- EXERCISE DIRECTIONS:
Repeat the whole listing exactly as written.

───

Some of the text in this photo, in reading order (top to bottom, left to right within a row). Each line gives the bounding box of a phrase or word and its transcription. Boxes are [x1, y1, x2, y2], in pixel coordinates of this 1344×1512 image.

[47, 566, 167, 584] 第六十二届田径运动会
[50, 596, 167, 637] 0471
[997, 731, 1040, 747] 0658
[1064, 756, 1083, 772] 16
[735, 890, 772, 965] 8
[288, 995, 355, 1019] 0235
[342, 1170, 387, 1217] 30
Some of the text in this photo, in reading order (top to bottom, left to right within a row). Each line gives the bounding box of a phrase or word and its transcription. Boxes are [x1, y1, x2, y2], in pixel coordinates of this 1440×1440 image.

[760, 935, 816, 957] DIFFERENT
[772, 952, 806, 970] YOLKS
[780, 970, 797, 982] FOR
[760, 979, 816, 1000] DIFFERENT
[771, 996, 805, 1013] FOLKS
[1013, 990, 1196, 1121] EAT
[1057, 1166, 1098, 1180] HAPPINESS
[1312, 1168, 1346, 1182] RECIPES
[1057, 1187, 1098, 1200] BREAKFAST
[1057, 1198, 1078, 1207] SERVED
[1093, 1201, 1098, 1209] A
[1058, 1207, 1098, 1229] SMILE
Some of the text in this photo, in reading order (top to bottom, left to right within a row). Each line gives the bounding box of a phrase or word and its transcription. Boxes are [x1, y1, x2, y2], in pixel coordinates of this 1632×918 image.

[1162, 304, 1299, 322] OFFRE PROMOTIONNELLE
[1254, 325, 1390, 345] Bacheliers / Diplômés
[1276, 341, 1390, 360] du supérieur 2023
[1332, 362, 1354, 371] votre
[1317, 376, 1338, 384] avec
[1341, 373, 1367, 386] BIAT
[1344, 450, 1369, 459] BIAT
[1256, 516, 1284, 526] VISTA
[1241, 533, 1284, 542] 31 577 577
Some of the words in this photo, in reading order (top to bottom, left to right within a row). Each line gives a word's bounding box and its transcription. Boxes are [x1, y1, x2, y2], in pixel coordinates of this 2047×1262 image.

───

- REPLY TO THE TASK:
Some of the text in this photo, in reading order (top to bottom, left to right within a row). Each line gives the bounding box of a phrase or word and its transcription. Boxes are [x1, y1, x2, y2], in pixel coordinates of this 1344×1512 image.

[47, 566, 167, 584] 第六十二届田径运动会
[50, 596, 167, 637] 0471
[997, 731, 1040, 747] 0658
[1064, 756, 1083, 772] 16
[735, 890, 772, 965] 8
[288, 995, 355, 1019] 0235
[342, 1170, 387, 1217] 30
Some of the text in this photo, in reading order (top to bottom, left to right within a row). Each line gives the bounding box of a phrase or word and its transcription. Boxes are [x1, y1, x2, y2], in pixel coordinates of this 1440×1440 image.

[760, 935, 816, 957] DIFFERENT
[772, 952, 806, 970] YOLKS
[780, 970, 797, 982] FOR
[760, 979, 816, 1000] DIFFERENT
[771, 996, 805, 1013] FOLKS
[1013, 990, 1196, 1121] EAT
[1057, 1166, 1098, 1180] HAPPINESS
[1312, 1168, 1346, 1182] RECIPES
[1057, 1187, 1098, 1200] BREAKFAST
[1057, 1198, 1078, 1207] SERVED
[1093, 1201, 1098, 1209] A
[1058, 1207, 1098, 1229] SMILE
Some of the text in this photo, in reading order (top to bottom, left to right within a row). Each line gives the bounding box of a phrase or word and its transcription. Boxes are [x1, y1, x2, y2], in pixel coordinates of this 1632×918 image.

[1162, 304, 1299, 322] OFFRE PROMOTIONNELLE
[1254, 325, 1390, 345] Bacheliers / Diplômés
[1276, 341, 1390, 360] du supérieur 2023
[1332, 362, 1354, 371] votre
[1317, 376, 1338, 384] avec
[1341, 373, 1367, 386] BIAT
[1344, 450, 1369, 459] BIAT
[1256, 516, 1284, 526] VISTA
[1241, 533, 1284, 542] 31 577 577
Some of the words in this photo, in reading order (top to bottom, left to right within a row). Each line gives a word's bounding box and its transcription. Boxes are [x1, y1, x2, y2], in pixel coordinates of this 2047×1262 image.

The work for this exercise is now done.